UK’s first carbon capture usage & storage project to be commissioned by mid-2020s

Posted on 30 Nov 2018 by The Manufacturer

The UK’s first carbon capture usage and storage (CCUS) project could be commissioned within a decade according to a new government report on the technology, released to coincide with a CCUS summit in Edinburgh today (30 Nov).

A commitment to develop carbon capture and storage technology, which stops greenhouse gases entering the atmosphere, was made ahead of a summit in Edinburgh - image courtesy of BSCSP
A commitment to develop carbon capture and storage technology, which stops greenhouse gases entering the atmosphere, was made ahead of a summit in Edinburgh – image courtesy of BSCSP

The report, which forms part of the government’s ‘Clean Growth’ Strategy, sets out a plan to role out carbon capture usage and storage technology at scale during the 2030s.

It includes investing £20m in supporting construction of CCUS technologies at UK industrial sites, £315m in decarbonising industry and working with bodies like the Crown Estate to identify oil and gas infrastructure which could be transformed for CCUS projects.

Energy Minister Claire Perry, International Energy Agency (IEA) executive director Fatih Birol, and BP chief executive Bob Dudley are speaking at the summit, which is focusing on how the CCUS technologies that can stop carbon from entering the atmosphere, can be activated on a wider scale.

Next year, the government will set out a plan to enable the UK’s first CCUS facility. The report says the facility “can only be achieved through close government and industry partnership” with the hope that it’s primarily financed by the private sector.

It would also be dependent on the value for money case being made. Their further ambition to develop CCUS at scale during the 2030s is subject to costs falling “sufficiently.”

Stuart Haszeldine, professor of carbon capture and storage at the University of Edinburgh broadly welcomes the action plan, though he has some questions about its main points: “It is impossible to say what a “sufficient” reduction [in costs] means,” he says.

“It is clearly possible to get CCS well below £80/MW hr in UK prices for power. But of course, CCS has application across the economy, and the value is that CCS is the least cost route to do that, and that many applications have limited or no alternatives.”

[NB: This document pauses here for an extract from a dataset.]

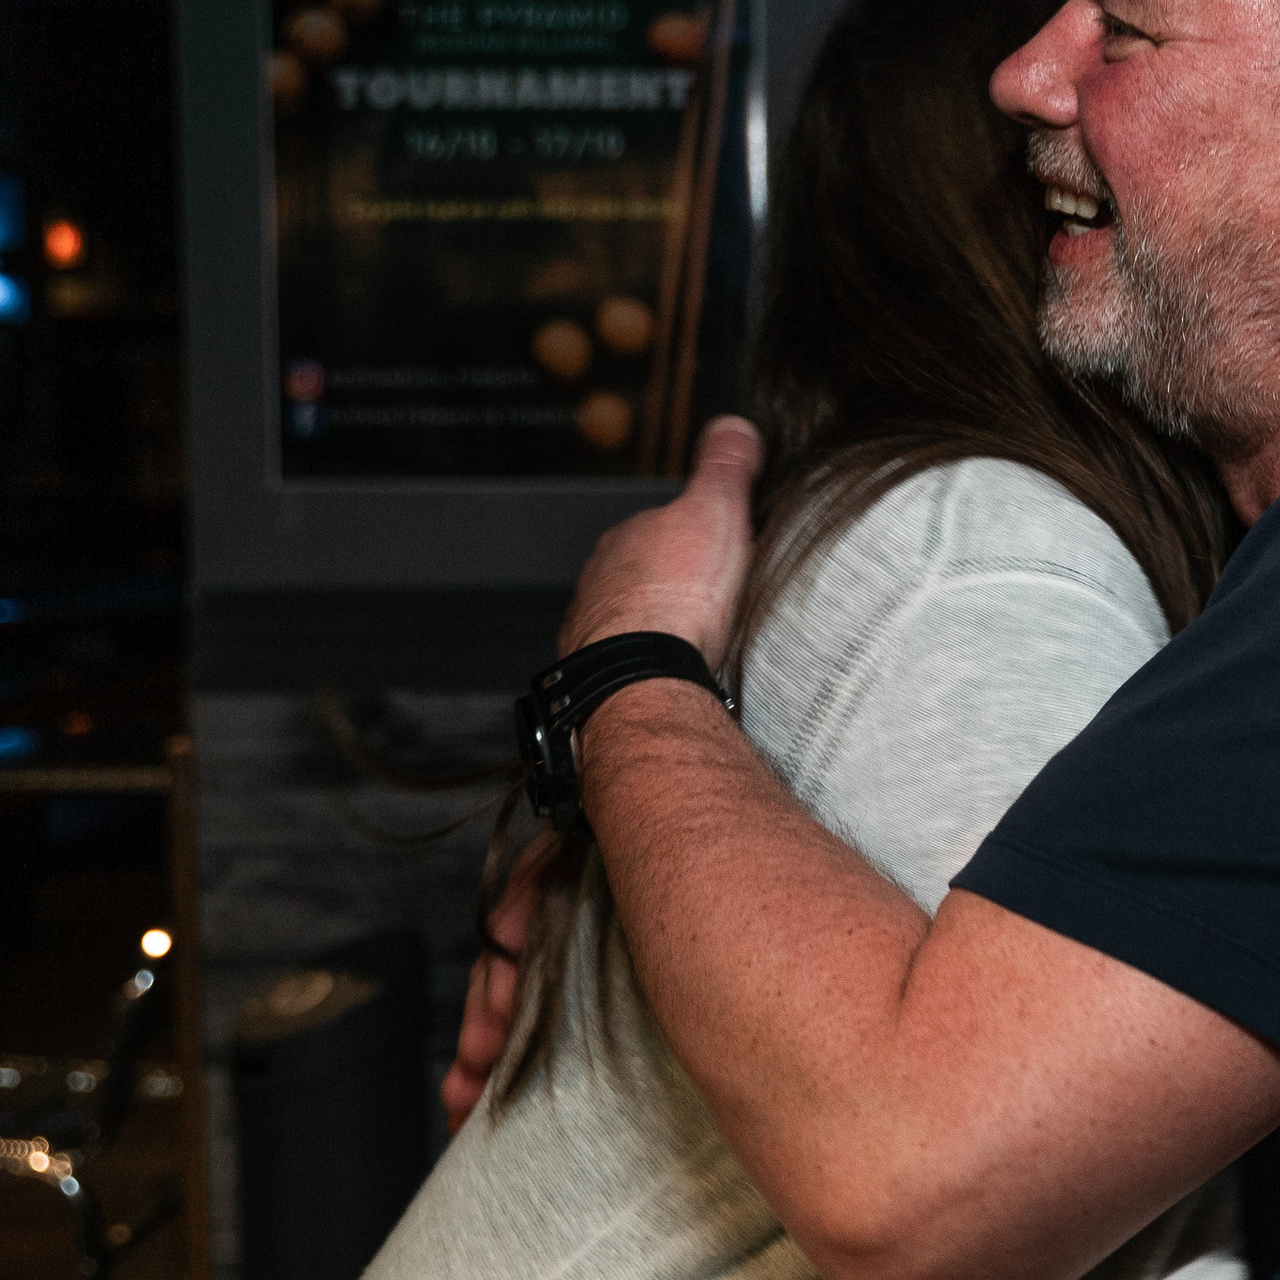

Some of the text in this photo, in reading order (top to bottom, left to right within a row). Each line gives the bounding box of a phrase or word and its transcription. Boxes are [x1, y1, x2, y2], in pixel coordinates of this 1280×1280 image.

[399, 0, 628, 31] THE PYRAMID
[331, 67, 695, 110] TOURNAMENT

Among the investments mentioned in the report are a £175,000 in Project Acorn in St Fergus, Scotland. The money will go towards finding ways of transporting CO2 emissions from site of capture to storage in one of three depleted gas fields using existing pipelines. The project will be match funded by the Scottish government and receive extra funding from the EU Commission.

CCUS technologies involve capturing CO2 emissions produced from fossil fuels used in electricity generation and industrial processes before it’s released into the atmosphere. It’s then transported either by pipeline or by ship before it’s stored underground, usually in geological rock formations that are often located several kilometres below the earth’s surface.

What is carbon capture usage & storage?

Sustainable Resource Management Sustainability - StockThe technology is credited with capturing up to 90% of CO2 before it’s released into the atmosphere. The IEA estimates that a tenfold increase in CCS capacity is needed by 2025 if world temperature rises are to be limited to 2.0°C by 2050. “The big challenge is cost,” says Sheffield University’s Professor Peter Styring, who is at the Edinburgh Summit today. The capture process is expensive due to its high deployment and energy costs. Earlier this year though, the parliamentary advisory group on CCS, said the technology is “essential for lowest cost decarbonisation.”

Dr Samuel Krevor, Senior Lecturer in the Department of Earth Science & Engineering at Imperial College, London, says the government should roll out CCUS soon to take full advantage of its economic viability: “The single most important step the government can take to have commercial-viable CCS at scale in the 2030s is to support the development of multiple full-scale projects, as soon as possible, but no later than the early 2020s.”

One barrier that has been potentially overcome by the report’s publishing has been the lack of a political framework for implementing CCS technologies. Professor Styring says it’s “encouraging that the report now identifies industrial emissions as important, a move away from just looking at the power sector. By taking this broader and potentially cheaper approach, the prospect for wide scale implementation improves.”

Interest in CCUS technologies has been occurring for some time. A £1bn competition to develop CCS was dropped in 2015 by the UK government. At the time, it was widely condemned by businesses and environmental groups alike. Jonathan Church, a climate and energy lawyer at ClientEarth, called it an “extremely damaging move.”

The Clean Growth Strategy of October 2017 showed a renewed interest by the government in the technology. Now, with the announcement, the government’s commitment to CCUS has come full circle. As the Carbon Capture and Storage Association (CCSA) commented: “The government have today stepped up and shown global leadership by committing to this ambitious and deliverable action plan.”